File: server/app/services/llm_service.py

class LLMService:
    """Service for LLM interactions with Anthropic Claude."""

    def __init__(self, api_key: str):
        self.client = anthropic.Anthropic(api_key=api_key)
        self.model = "claude-sonnet-4-20250514"

    async def generate_structured_output(
        self,
        system_prompt: str,
        user_prompt: str,
        output_schema: dict,  # JSON schema for structured output
        context_documents: list[AgentDocument] = None,
        max_tokens: int = 4096,
    ) -> tuple[dict, dict]:
        """
        Generate structured output from Claude.

        Returns:
            tuple: (parsed_output, usage_stats)
        """
        pass

    async def stream_response(
        self,
        system_prompt: str,
        user_prompt: str,
        on_chunk: Callable[[str], None],
    ) -> dict:
        """Stream response for real-time UI updates."""
        pass

    def estimate_tokens(self, text: str) -> int:
        """Estimate token count for context management."""
        pass

1.3 Agent Service (Orchestrator)

File: server/app/services/agent_service.py

class AgentService:
    """Orchestrates AI agent tasks and manages the execution lifecycle."""
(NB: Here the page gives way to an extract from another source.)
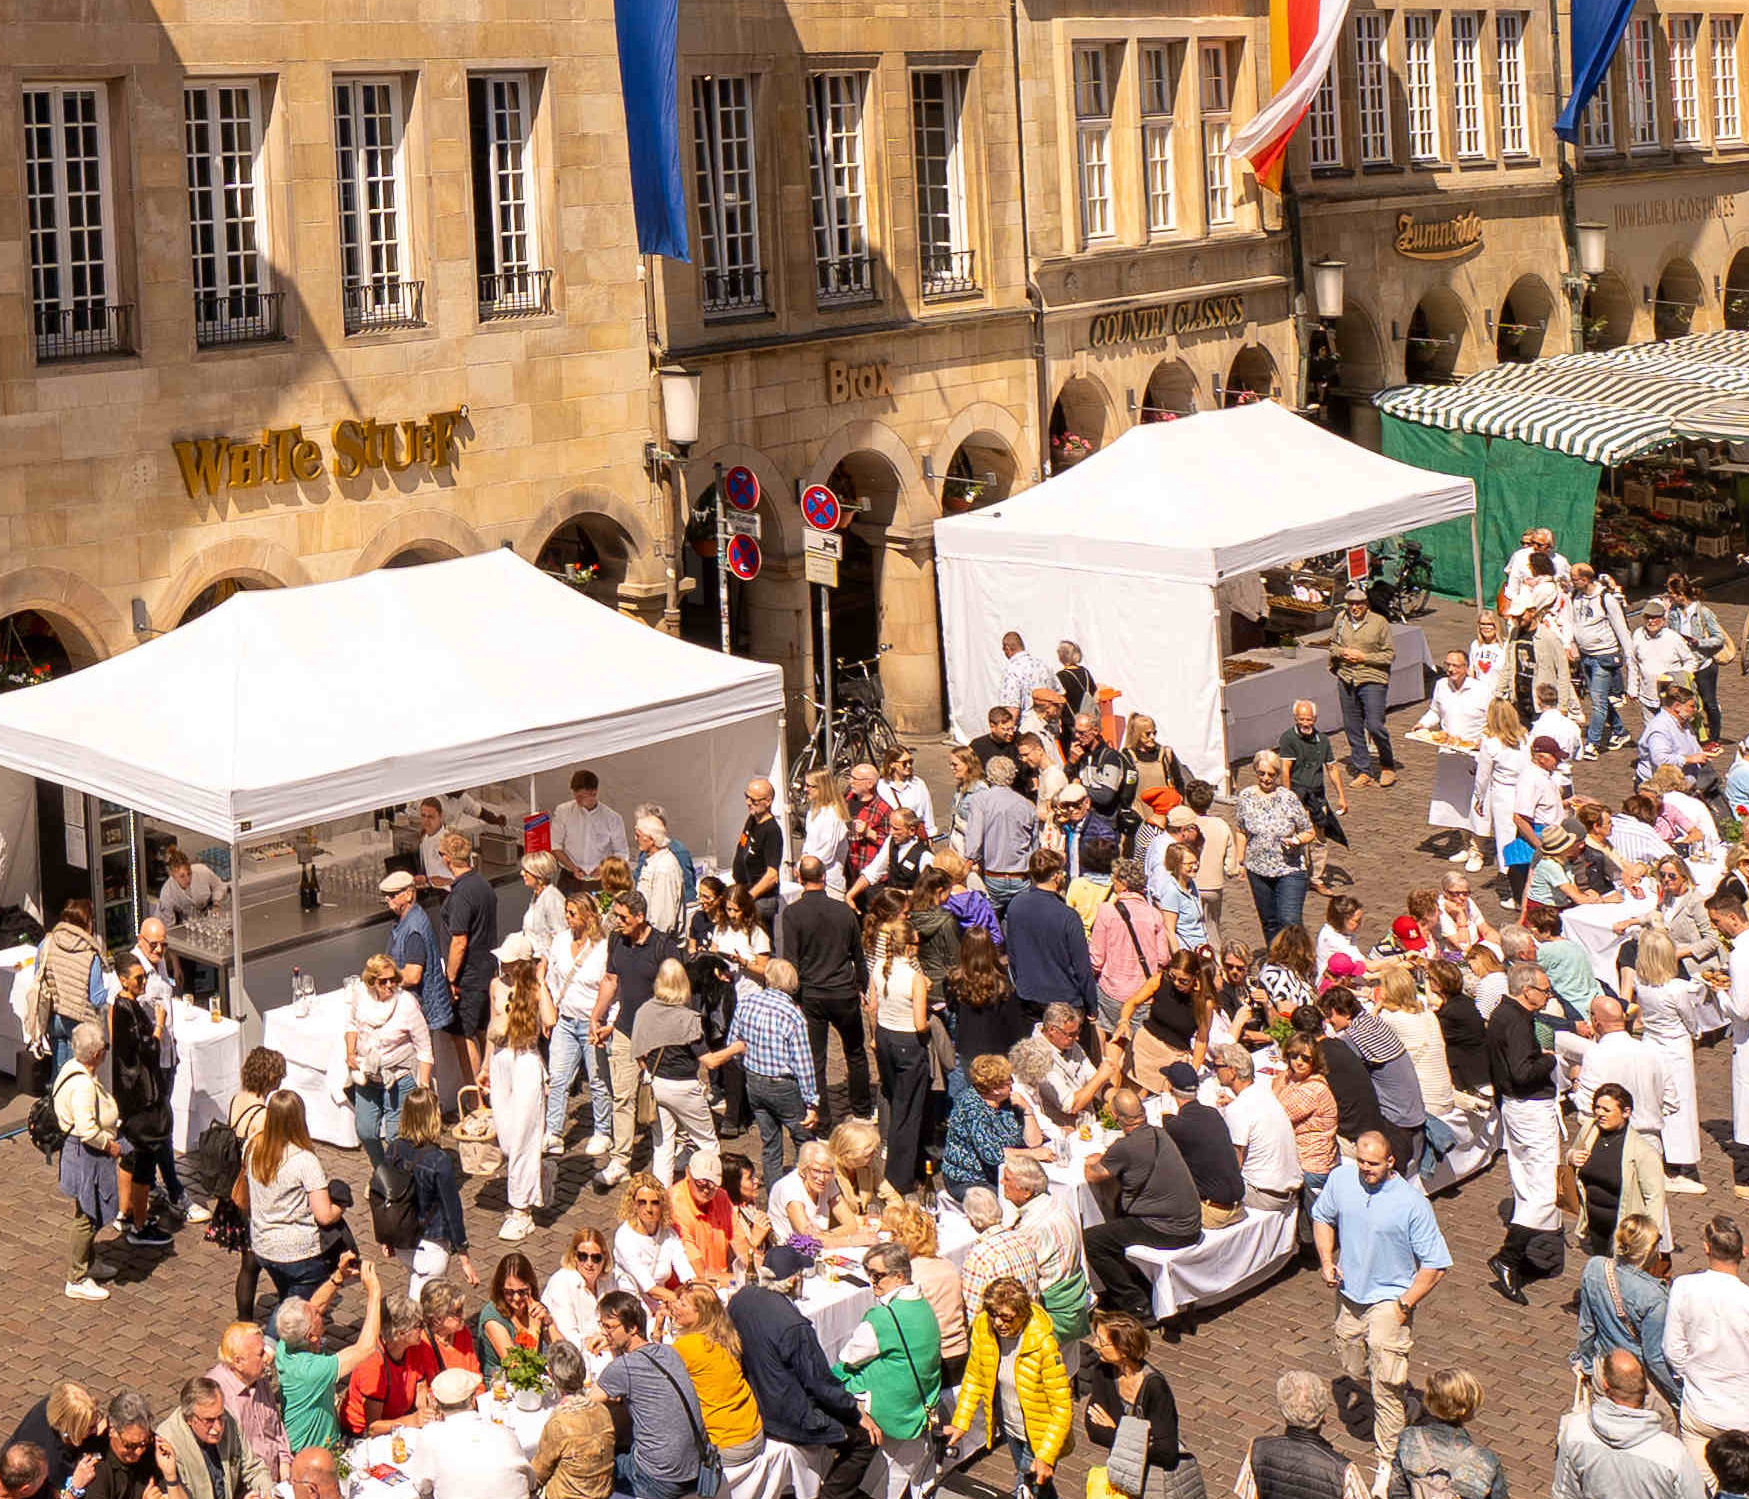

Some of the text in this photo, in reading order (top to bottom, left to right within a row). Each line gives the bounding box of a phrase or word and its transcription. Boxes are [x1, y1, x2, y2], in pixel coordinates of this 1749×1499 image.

    # Task type definitions with required permissions
    TASK_TYPES = {
        "protocol_ingestion": {
            "name": "Protocol Ingestion",
            "required_permission": "manage_study_design",
            "produces": ["study_event_def", "form_def"],
        },
        "battery_config": {
            "name": "Battery Configuration",
            "required_permission": "manage_batteries",
            "produces": ["battery_version", "event_linking"],
        },
        "consent_config": {
            "name": "Consent Configuration",
            "required_permission": "manage_consent",
            "produces": ["consent_version", "consent_trigger"],
        },
        "amendment_analysis": {
            "name": "Amendment Impact Analysis",
            "required_permission": "manage_amendments",
            "produces": ["impact_report", "cutover_plan"],
        },
    }

    async def start_task(
        self,
        study_id: uuid.UUID,
        task_type: str,
        user_id: uuid.UUID,
        input_artifacts: dict,
        constraints: dict = None,
    ) -> AgentRun:
        """Start a new AI task and return the run record."""
        pass

    async def get_run_status(self, run_id: uuid.UUID) -> AgentRun:
        """Get current status of an agent run."""
        pass

    async def cancel_run(self, run_id: uuid.UUID, user_id: uuid.UUID) -> bool:
        """Cancel a running task."""
        pass

1.4 ChangeSet Service

File: server/app/services/changeset_service.py

class ChangeSetService:
    """Manages ChangeSet lifecycle: create, validate, apply, reject."""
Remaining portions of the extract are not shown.